Phrase grounding data
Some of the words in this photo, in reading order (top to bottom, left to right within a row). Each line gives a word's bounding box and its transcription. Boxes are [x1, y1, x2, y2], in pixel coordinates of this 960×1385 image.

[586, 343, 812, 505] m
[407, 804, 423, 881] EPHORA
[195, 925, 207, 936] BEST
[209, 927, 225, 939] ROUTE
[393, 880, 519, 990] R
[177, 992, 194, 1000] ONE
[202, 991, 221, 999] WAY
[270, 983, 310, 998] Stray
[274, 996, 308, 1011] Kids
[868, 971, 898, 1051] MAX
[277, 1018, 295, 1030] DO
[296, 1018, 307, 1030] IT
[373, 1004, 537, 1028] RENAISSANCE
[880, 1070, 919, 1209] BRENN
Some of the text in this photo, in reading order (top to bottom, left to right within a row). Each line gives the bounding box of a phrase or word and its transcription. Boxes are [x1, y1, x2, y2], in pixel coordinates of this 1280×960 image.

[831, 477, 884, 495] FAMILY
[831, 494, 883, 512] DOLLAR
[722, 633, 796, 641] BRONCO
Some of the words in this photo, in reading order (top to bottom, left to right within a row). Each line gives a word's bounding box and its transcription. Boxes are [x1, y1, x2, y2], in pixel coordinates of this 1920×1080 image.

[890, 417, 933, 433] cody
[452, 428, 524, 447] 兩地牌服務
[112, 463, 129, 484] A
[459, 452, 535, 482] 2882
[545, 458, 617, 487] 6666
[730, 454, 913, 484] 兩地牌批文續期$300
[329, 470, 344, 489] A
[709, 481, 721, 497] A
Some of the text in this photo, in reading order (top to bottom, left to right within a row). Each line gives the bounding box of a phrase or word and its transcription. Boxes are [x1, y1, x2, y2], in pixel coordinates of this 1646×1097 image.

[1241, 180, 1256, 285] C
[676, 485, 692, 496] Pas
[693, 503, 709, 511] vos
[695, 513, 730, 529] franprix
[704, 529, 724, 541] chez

### Required action
Exactly and only the lines from the one containing "this 1646×1097 image." to the end of the entries above are to be written out.

### Written response
Some of the text in this photo, in reading order (top to bottom, left to right within a row). Each line gives the bounding box of a phrase or word and its transcription. Boxes are [x1, y1, x2, y2], in pixel coordinates of this 1646×1097 image.

[1241, 180, 1256, 285] C
[676, 485, 692, 496] Pas
[693, 503, 709, 511] vos
[695, 513, 730, 529] franprix
[704, 529, 724, 541] chez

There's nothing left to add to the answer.